# Brexit Polarity Tweets - Deep Learning

## Setup

In [1]:
import re
import os
import string
import pickle

# Data Manipulation and Visualization
import numpy as np
import pandas as pd

# NLP Tools
import nltk
from nltk.stem import WordNetLemmatizer
from nltk.tokenize import word_tokenize

# ML Tools
from sklearn.model_selection import ShuffleSplit
from sklearn.preprocessing import LabelEncoder

# TensorFlow
import tensorflow as tf
from tensorflow.keras.utils import to_categorical
from tensorflow.keras.preprocessing.text import Tokenizer
from tensorflow.keras.preprocessing.sequence import pad_sequences
from tensorflow.keras.layers import Embedding, Conv1D, MaxPooling1D
from tensorflow.keras.layers import Bidirectional, LSTM, GRU
from tensorflow.keras.layers import SimpleRNN, Dense, Dropout

In [2]:
# path to data
PATH_DATA         = "./data/"
PATH_TWEETS_TOKEN = PATH_DATA + "preprocessed/tweets_token.csv"
PATH_TARGETS      = PATH_DATA + "preprocessed/targets.csv"
PATH_TWEETS_RAW   = PATH_DATA + "preprocessed/tweets_raw.csv"
PATH_GLOVE        = PATH_DATA + 'embeddings/glove.6B.100d.txt'

# paths to model checkpoints
PATH_MODEL      = "./model/"
PATH_HISTORY    = PATH_MODEL + "history/history.pkl"
PATH_CHECKPOINT = PATH_MODEL + "checkpoint/cp-{epoch:02d}.ckpt"

DIRNAME_CHECKPOINT = os.path.dirname(PATH_CHECKPOINT)

# settings
N_WORDS        = 30_000
N_ROWS         = 100_000
EMBEDDING_DIMS = 100
TEST_SPLIT     = 0.10
VAL_SPLIT      = 0.10 / 0.90

In [3]:
label_encoder = LabelEncoder()

# 2. Data Preparation

In [4]:
from ast import literal_eval

tweet_tokens = pd.read_csv(PATH_TWEETS_TOKEN, index_col= False)["Hit Sentence"]
tweet_tokens = tweet_tokens.map(literal_eval)

targets = pd.read_csv(PATH_TARGETS)["0"]

In [5]:
# generate indices to split dataset
sss = ShuffleSplit(n_splits = 1, test_size = TEST_SPLIT, random_state = 123)
sss.get_n_splits(tweet_tokens, targets)

train_index, test_index = next(sss.split(tweet_tokens, targets))

print(f"There are {len(train_index)} tweets in the train dataset.")
print(f"There are {len(test_index)} tweets in the test dataset.")
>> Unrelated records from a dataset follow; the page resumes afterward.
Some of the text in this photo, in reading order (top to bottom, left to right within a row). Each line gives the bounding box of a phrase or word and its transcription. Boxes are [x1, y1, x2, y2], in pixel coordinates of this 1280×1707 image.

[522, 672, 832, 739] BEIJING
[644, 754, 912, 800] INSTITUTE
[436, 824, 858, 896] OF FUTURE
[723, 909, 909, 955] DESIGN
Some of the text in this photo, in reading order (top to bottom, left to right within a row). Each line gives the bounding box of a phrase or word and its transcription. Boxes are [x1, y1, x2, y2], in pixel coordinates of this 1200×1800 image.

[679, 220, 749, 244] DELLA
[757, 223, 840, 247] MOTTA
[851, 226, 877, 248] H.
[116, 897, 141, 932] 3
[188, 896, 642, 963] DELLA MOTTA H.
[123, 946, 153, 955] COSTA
There are 89559 tweets in the train dataset.
There are 9951 tweets in the test dataset.


In [6]:
# generate indices to split dataset
sss = ShuffleSplit(n_splits = 1, test_size = VAL_SPLIT, random_state = 123)
sss.get_n_splits(tweet_tokens[train_index], targets[train_index])
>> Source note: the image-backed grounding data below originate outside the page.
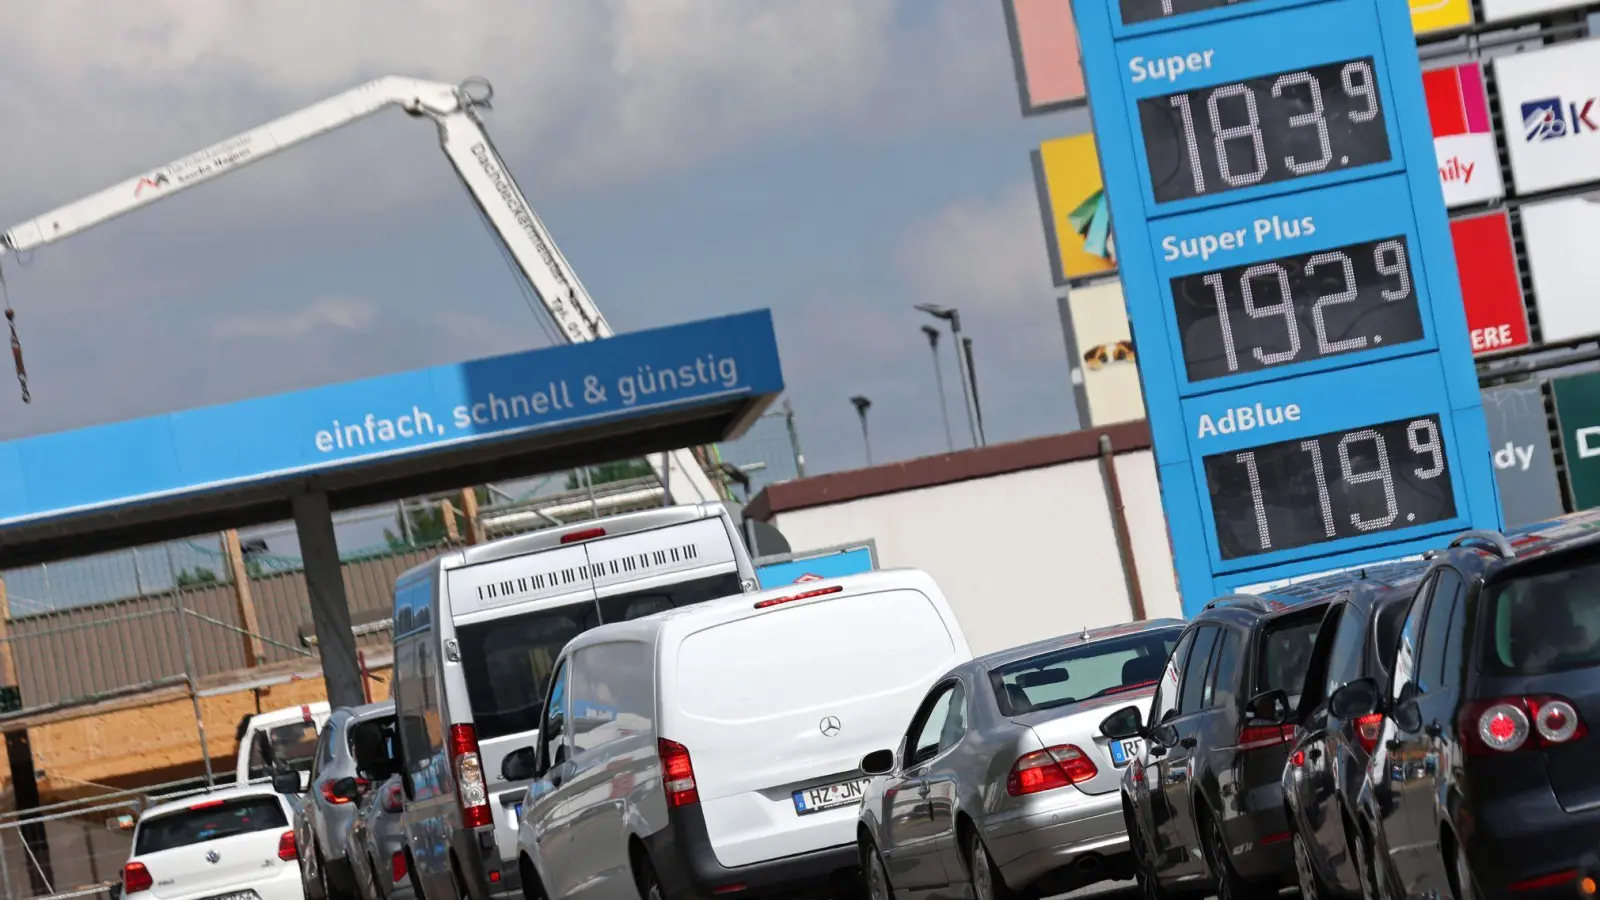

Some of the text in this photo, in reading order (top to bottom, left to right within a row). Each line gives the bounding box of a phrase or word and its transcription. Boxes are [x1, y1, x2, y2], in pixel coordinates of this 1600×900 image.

[1129, 48, 1215, 83] Super
[1161, 215, 1316, 262] Super Plus
[1470, 323, 1513, 350] ERE
[315, 353, 738, 452] einfach, schnell & günstig
[1197, 402, 1301, 439] AdBlue
[1494, 441, 1535, 472] dy
[809, 787, 832, 806] HZ
[841, 779, 861, 799] JN
part_train_index, val_index = next(sss.split(tweet_tokens[train_index], targets[train_index]))

print(f"There are {len(part_train_index)} tweets in the train dataset.")
print(f"There are {len(val_index)} tweets in the test dataset.")

There are 79608 tweets in the train dataset.
There are 9951 tweets in the test dataset.


In [7]:
def process_tweet(text):
    output = []
    lemmatizer = nltk.WordNetLemmatizer()
    tokenizer  = nltk.WhitespaceTokenizer()
    unwanted_tokens = nltk.corpus.stopwords.words("english")
    
    patterns = [
        r"(?:RT|QT):? ?@[\w]+:?",
        r"https?://\S+",
        r"<.*?>|&([a-z0-9]+|#[0-9]{1,6}|#x[0-9a-f]{1,6});",
        r"[$|£]?.?[0-9]+(?:,?[0-9]{3})*(?:\.[0-9]*)*%?(?:st|nd|rd|th)?",
        r"[0-9]+/[0-9]+",
        u"\U0001F600-\U0001F64F",  # emoticons
        u"\U0001F300-\U0001F5FF",  # symbols & pictographs
        u"\U0001F680-\U0001F6FF",  # transport & map symbols
        u"\U0001F1E0-\U0001F1FF",  # flags (iOS)
        u"\U00002500-\U00002BEF",  # chinese char
        u"\U00002702-\U000027B0",
        u"\U000024C2-\U0001F251",
        u"\U0001f926-\U0001f937",
        u"\U00010000-\U0010ffff",
        u"\u2640-\u2642",
        u"\u2600-\u2B55",
        u"\u200d",
        u"\u23cf",
        u"\u23e9",
        u"\u231a",
        u"\ufe0f",  # dingbats
        u"\u3030",
        "[" + string.punctuation + "]"
    ]
    
    pattern = "(" + "|".join(patterns)+ ")"
    
    text = re.sub(pattern, "", text)
    text = re.sub(u"[\u2018|\u2019]", "'", text)
    text = re.sub(u"[\u201c|\u201d]", "\"", text)
    
    for token in tokenizer.tokenize(text.lower()):
        if token in unwanted_tokens: continue
        token = lemmatizer.lemmatize(token)
        
        if len(token) != 0:
            output.append(token)

    return " ".join(output)

In [8]:
tweet_raw = pd.read_csv(PATH_TWEETS_RAW, index_col= False)["Hit Sentence"]
tweet_tokens = tweet_raw.map(process_tweet)
tweet_tokens

0        value brexit tory mp back constituency weekend...
1        michael fabricant absolutely right dangerous e...
2        stokiedre find rich tory voter assume unionist...
3        brexit britain win london named best city youn...
4        afneil johnson taken tory likelihood imposed p...
                               ...                        
99505    mikegalsworthy brexiteers never interested fac...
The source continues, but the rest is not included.